Le conferenze stampa fiume, notturne, sono già un ricordo lontano. Così come i post e i video su Facebook. Il salto dalla narrazione Conte-Casalino al silenzio Draghi-Ansuini è significativo. C’è un premier diverso a Palazzo Chigi. Non ha bisogno di cercare il consenso e ha una concezione del ruolo, e del lavoro, finora sconosciuta alla politica italiana.

Draghi ha scelto di parlare poco, o nulla, e di fare, lasciando parlare i fatti. Le nomine, Curcio alla Protezione civile e Figliuolo Commissario all’emergenza Covid, sono un segnale. Il primo Dpcm illustrato dai ministri direttamente competenti, Speranza e Gelmini, anche.

Resta però sul tavolo un tema rilevante, quello della comunicazione. Con il proprio stile e secondo le proprie regole, Draghi dovrà comunque parlare. Perché la comunicazione per un premier deve essere un valore e non un ostacolo. Non parlare a sproposito è una discontinuità importante, sottovalutare la comunicazione sarebbe un errore. Così come delegare e dare spazio ai suoi ministri è una scelta intelligente ma assumere la responsabilità, anche simbolica, dei passaggi importanti dell’azione di governo resta necessario.
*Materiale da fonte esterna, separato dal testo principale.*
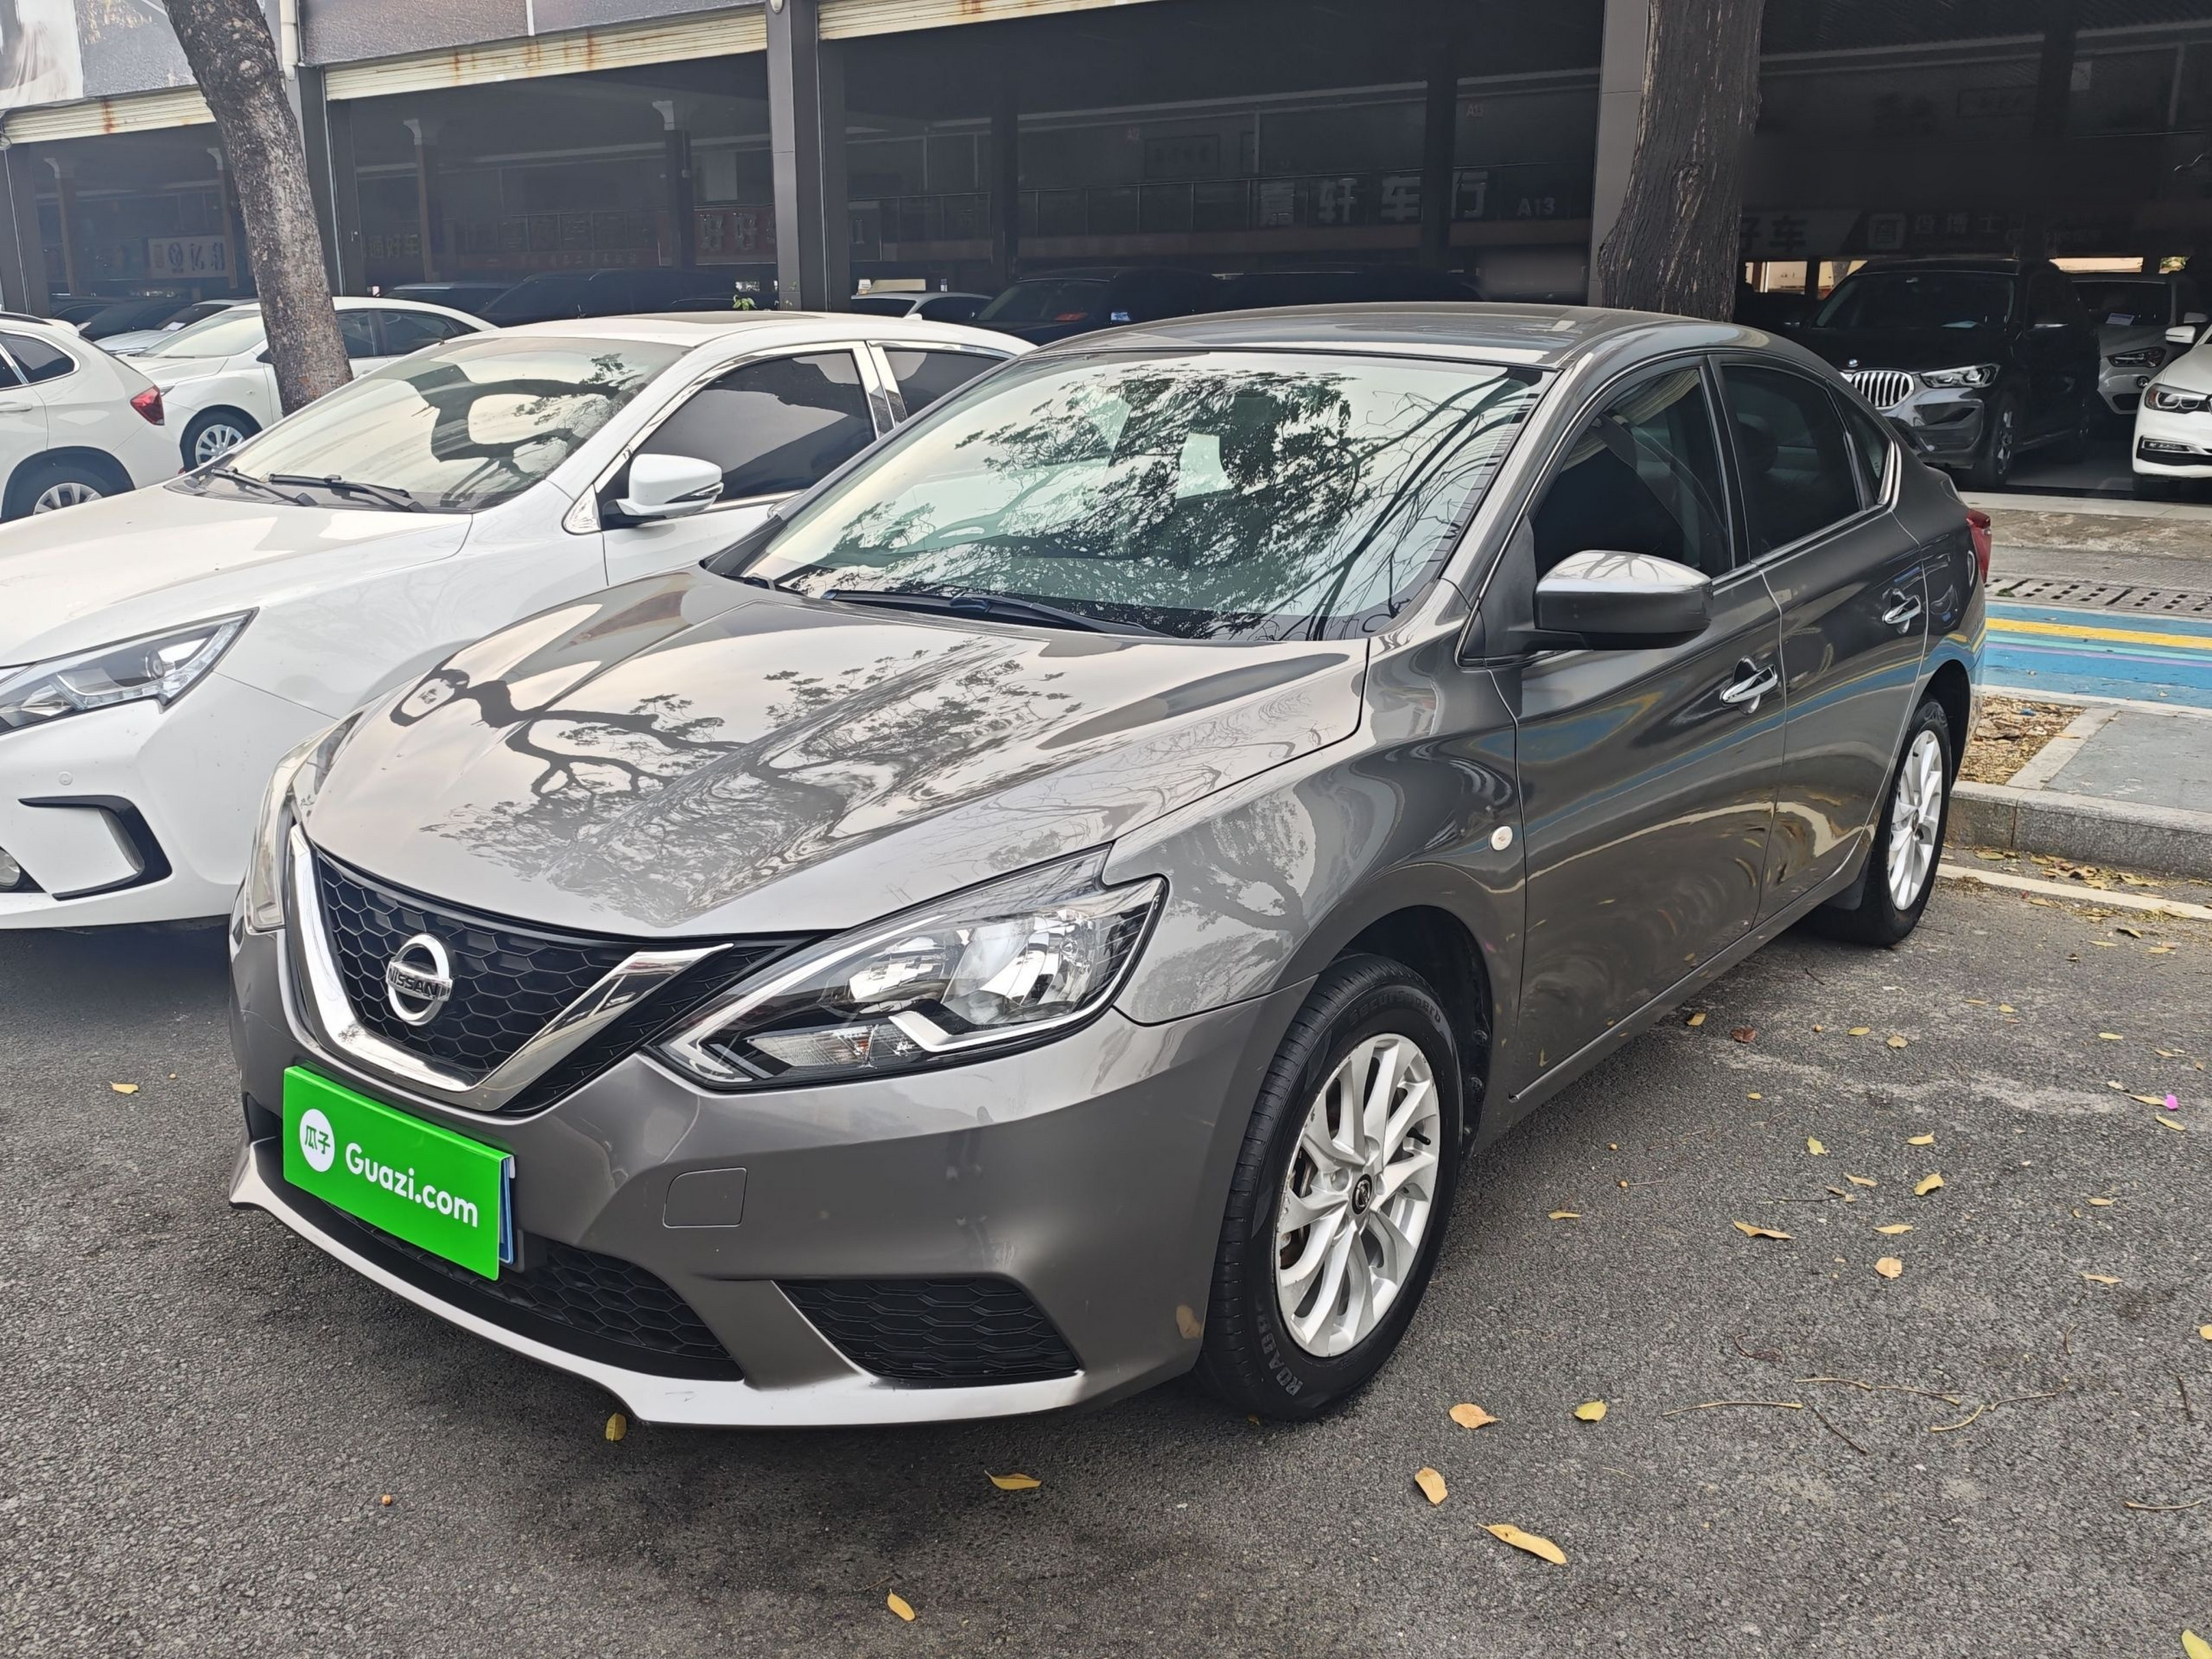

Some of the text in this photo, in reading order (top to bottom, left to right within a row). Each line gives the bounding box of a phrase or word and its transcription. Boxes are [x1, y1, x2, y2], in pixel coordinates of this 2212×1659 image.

[388, 967, 440, 999] NISSAN
[304, 1124, 331, 1156] 瓜子
[346, 1143, 478, 1228] Guazi.com
Draghi conosce le dinamiche della comunicazione e nella sua esperienza alla guida della Bce ha dimostrato di saper usare le parole con una precisione chirurgica. Il flusso continuo della comunicazione politica non fa per lui, così come la narrazione per slogan. Il ‘modello italiano’ o l’immagine del premier salvatore della patria, di casaliniana memoria, resteranno un ricordo del passato. Ma le tappe rilevanti della vita del Paese, e del governo, saranno scandite anche dalle parole di Draghi.